As the Oscars approach this Sunday, the time is finally here to reflect on 2013 through a pair of lists – my picks of the best and the worst.  Let’s get the duds out of the way to make way for the flicks that’ll be remembered for years to come.

2013 introduced me to a new type of “bad”.  It was a sub-version spawning off of the type of hatefulness I only save for my bottom three choices.  These films treated its audience like imbeciles and expected us to lap up what they were serving and laugh our faces off – no questions asked.  Instead, they were either smug or flat-out negative.  You can expect to see those soiled diapers at the end of this role call.
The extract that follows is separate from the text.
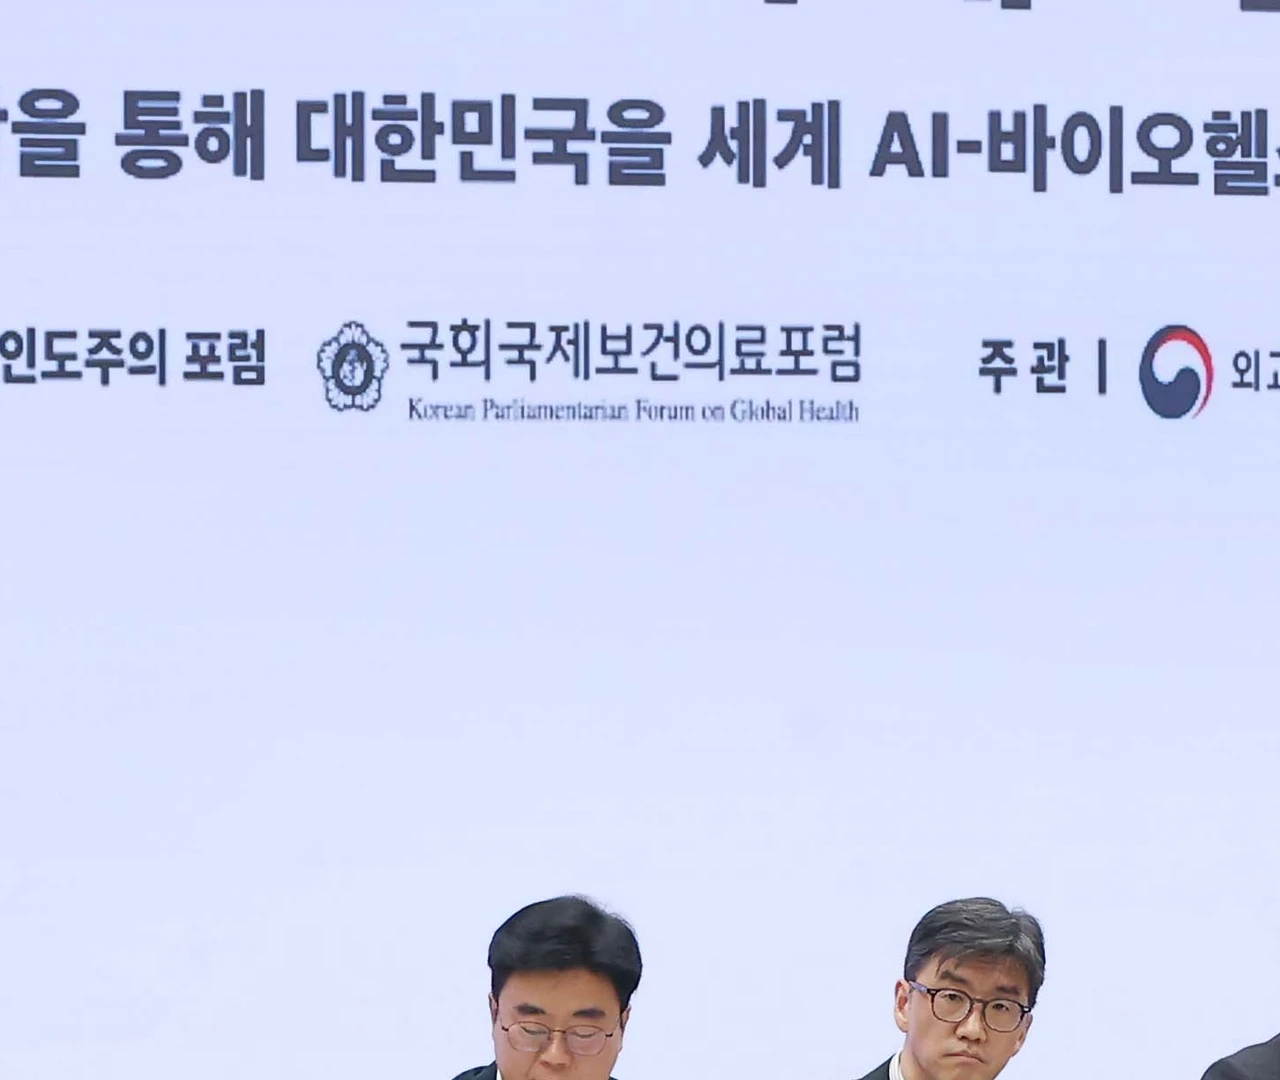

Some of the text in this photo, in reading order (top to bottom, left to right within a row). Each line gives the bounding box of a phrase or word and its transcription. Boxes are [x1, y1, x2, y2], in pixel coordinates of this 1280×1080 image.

Even though I have a main “bottom ten”, I made sure I included some dishonourable mentions in order to cover those who thought they were saved by the odd late entry.  However, there were plenty of stinkers that fell off that additional listing as well.  So, let’s talk about them.

I appreciate filmmakers wanting to be brave with how to tell their film’s story, but some approaches left me befuddled.  In The Wagner Files, someone thought it was a good idea to portray composer Richard Wagner’s life through a broody soap opera with CSI inspired cutaways.  With Thursday Till Sunday, the idea of realistically showing a crumbling family through a mundane road trip backfired immensely because, well, it made the film a bore as well.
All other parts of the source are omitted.